● Problem requirements
Down to the last line, print the data that follows exactly, without its pictures.

-------------------------

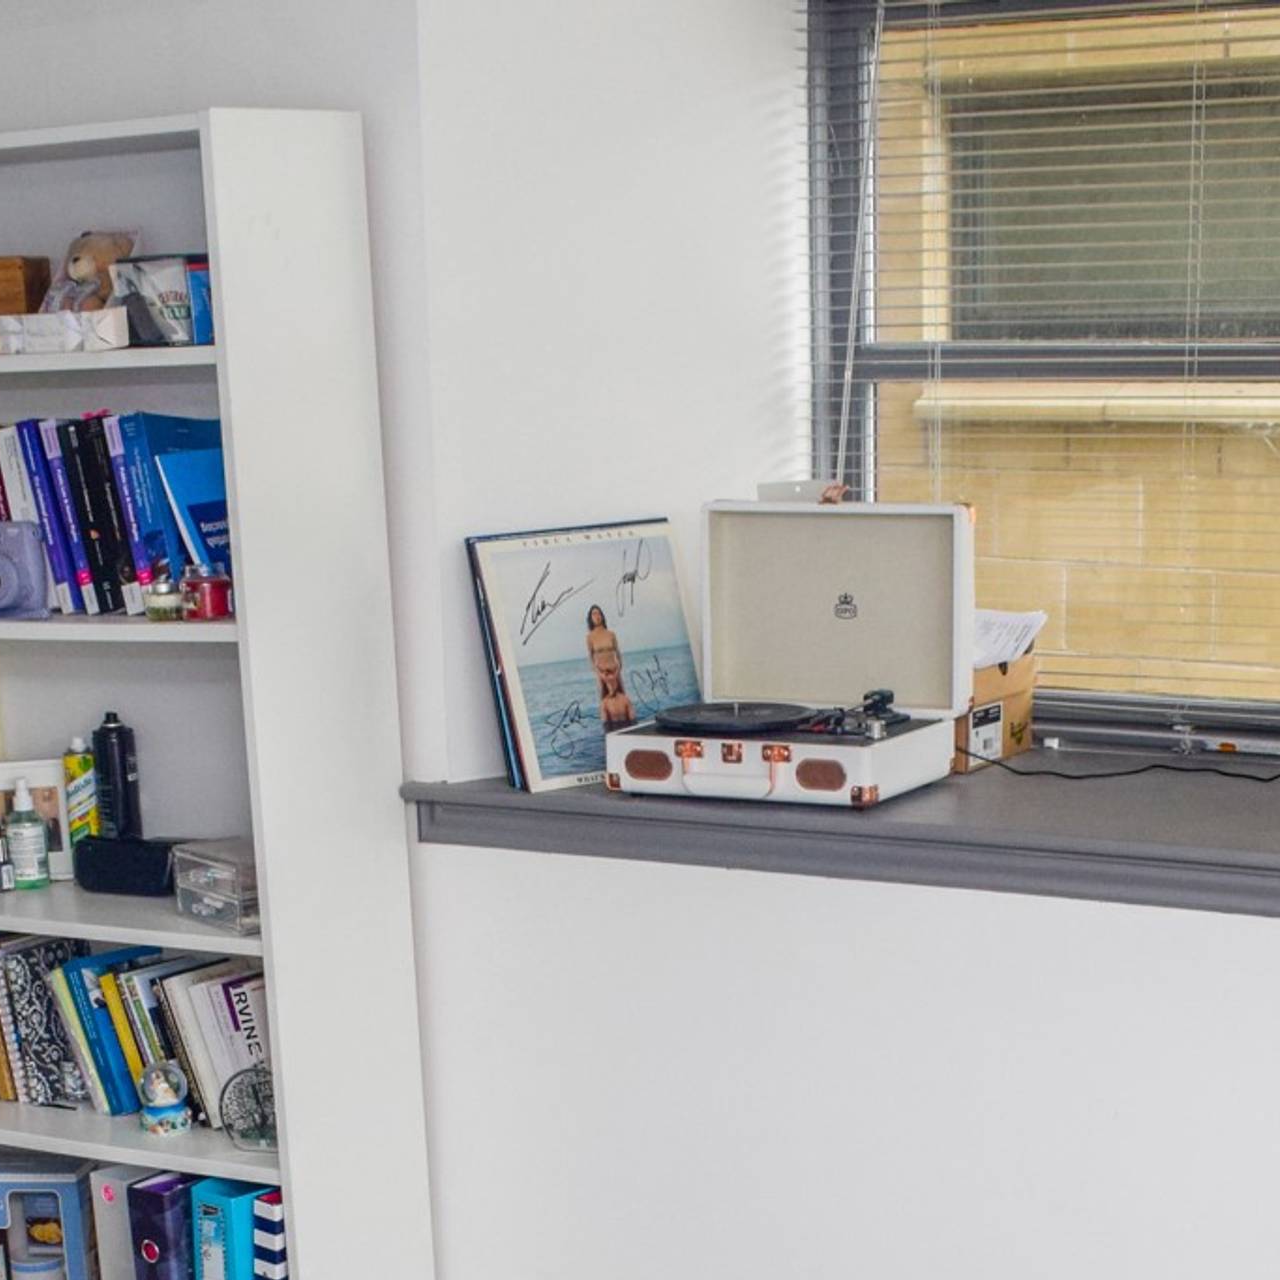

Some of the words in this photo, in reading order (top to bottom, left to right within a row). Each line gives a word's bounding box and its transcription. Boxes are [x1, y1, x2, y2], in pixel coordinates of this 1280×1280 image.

[56, 468, 64, 485] Public
[64, 504, 73, 524] Human
[70, 523, 78, 544] Rights
[126, 502, 135, 522] Human
[131, 522, 139, 543] Rights
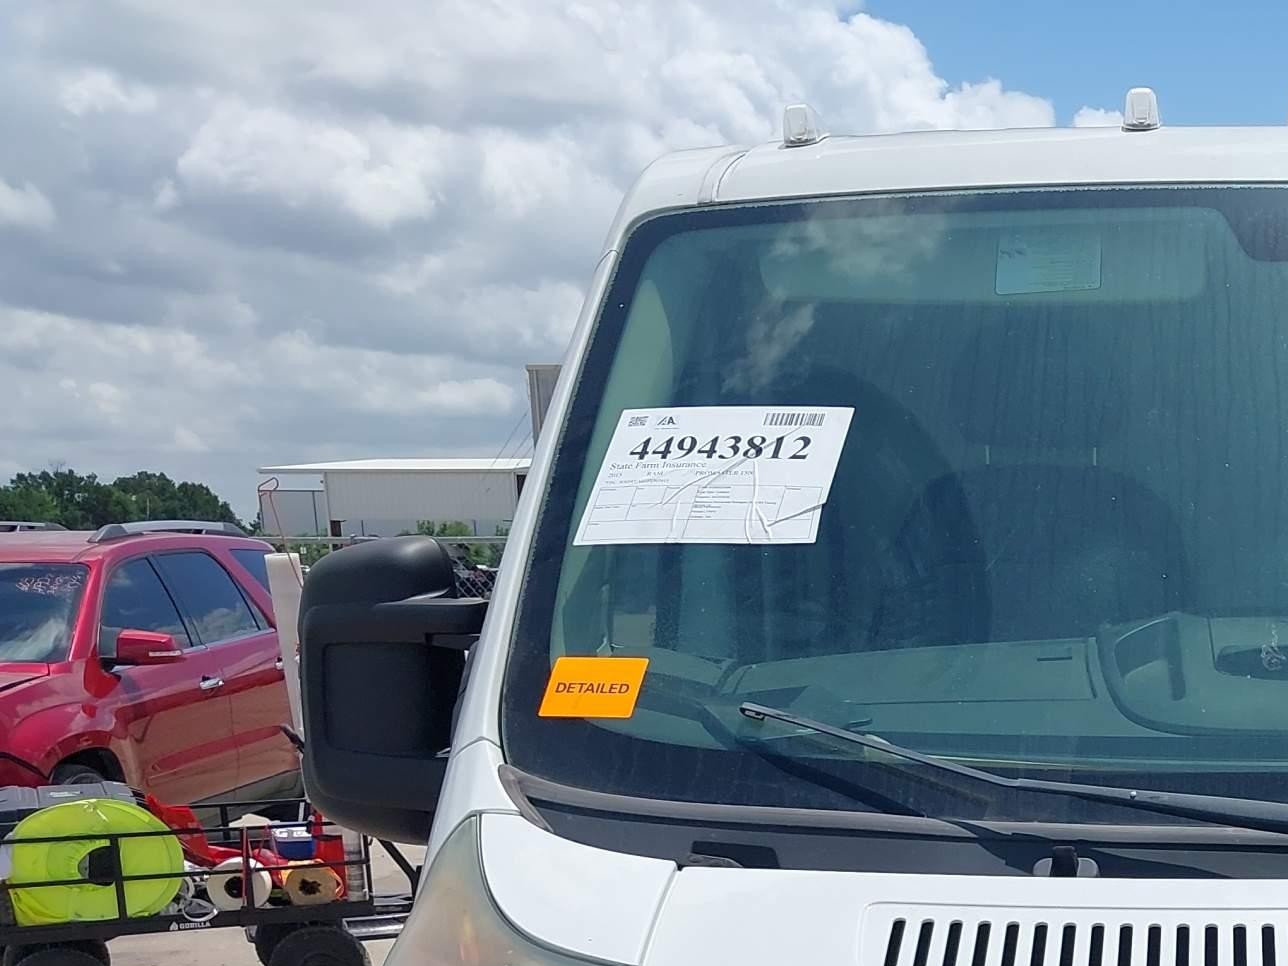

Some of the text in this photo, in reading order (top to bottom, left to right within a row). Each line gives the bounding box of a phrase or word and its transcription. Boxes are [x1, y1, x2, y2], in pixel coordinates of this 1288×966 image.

[629, 435, 812, 461] 44943812
[609, 461, 707, 471] State Farm Insurance
[555, 682, 630, 694] DETAILED
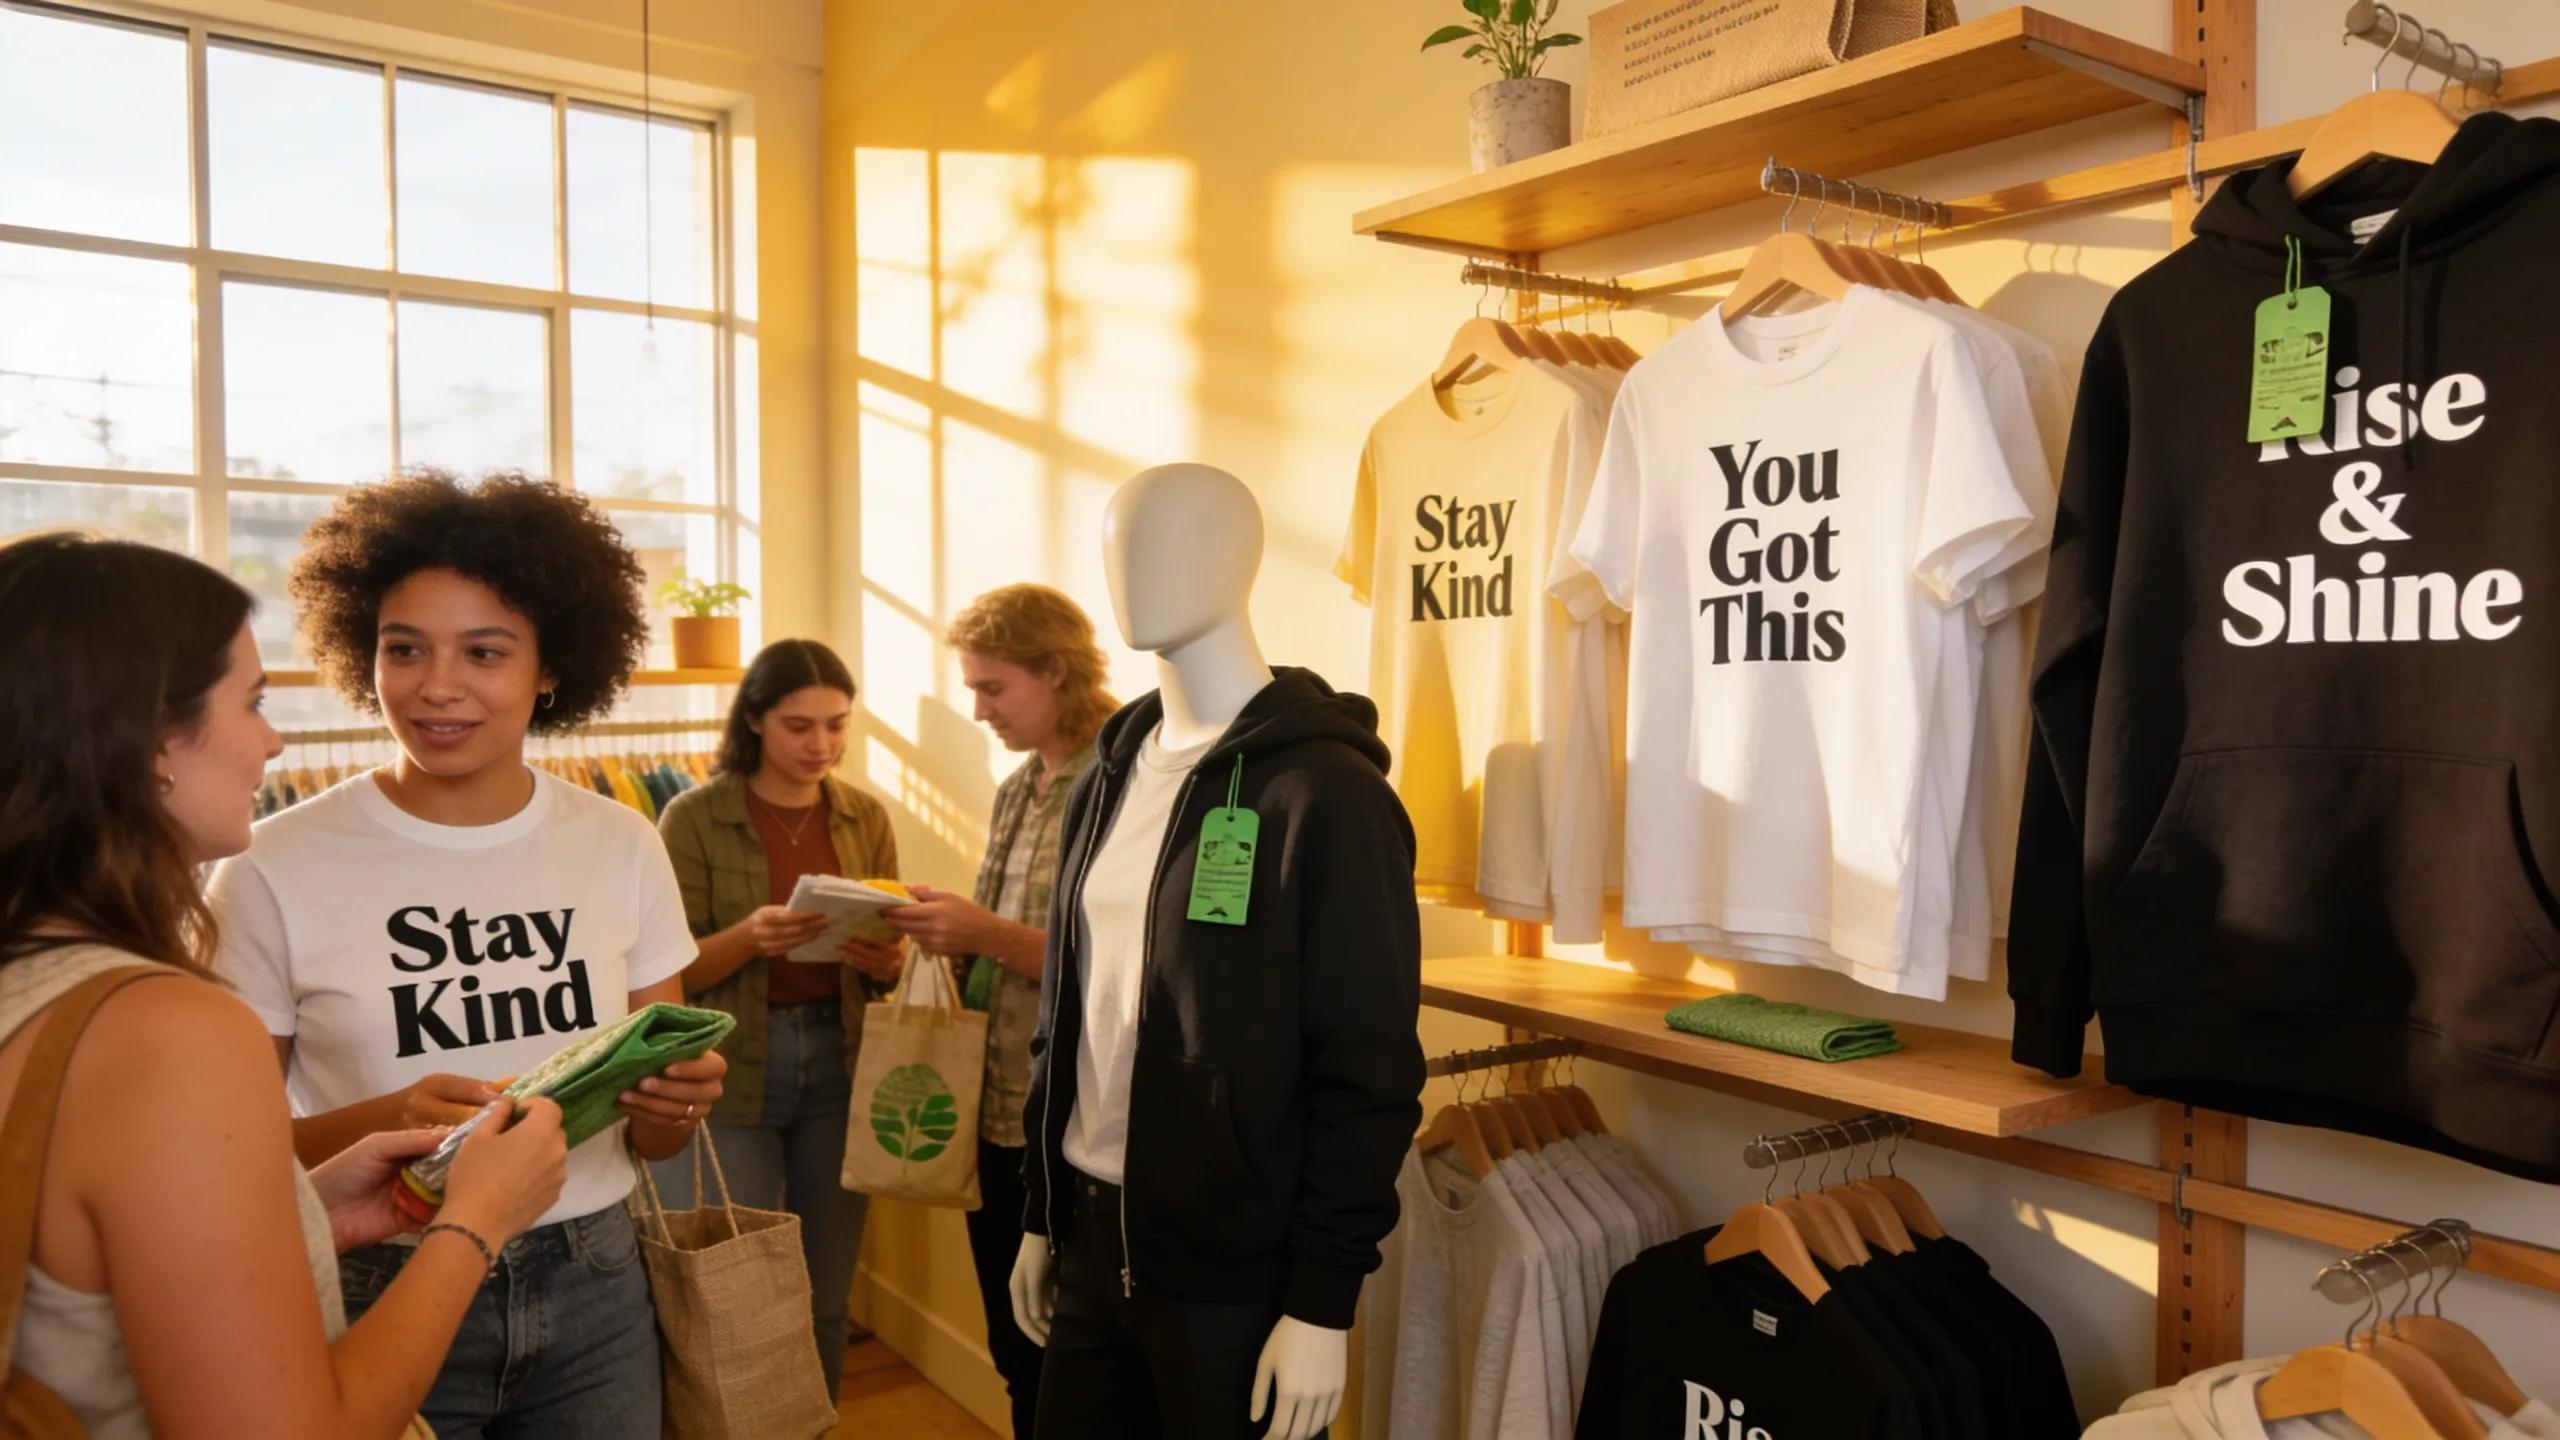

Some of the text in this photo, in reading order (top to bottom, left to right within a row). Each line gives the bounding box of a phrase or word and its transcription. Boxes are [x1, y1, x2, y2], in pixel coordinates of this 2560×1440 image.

-------------------------

● Output for this task
Some of the words in this photo, in reading order (top to bottom, left to right within a row). Each line gives a word's bounding box and its transcription. Boxes are [x1, y1, x2, y2], in pixel coordinates of this 1280×1280 image.

[56, 468, 64, 485] Public
[64, 504, 73, 524] Human
[70, 523, 78, 544] Rights
[126, 502, 135, 522] Human
[131, 522, 139, 543] Rights

Some of the text in this photo, in reading order (top to bottom, left to right within a row). Each line gives the bounding box of a phrase or word and its transcription. Boxes are [x1, y1, x2, y2], in pixel coordinates of this 1288×966 image.

[629, 435, 812, 461] 44943812
[609, 461, 707, 471] State Farm Insurance
[555, 682, 630, 694] DETAILED

Some of the text in this photo, in reading order (top to bottom, left to right within a row). Each line gives the bounding box of a phrase or word and its transcription. Boxes are [x1, y1, x2, y2], in pixel coordinates of this 2560×1440 image.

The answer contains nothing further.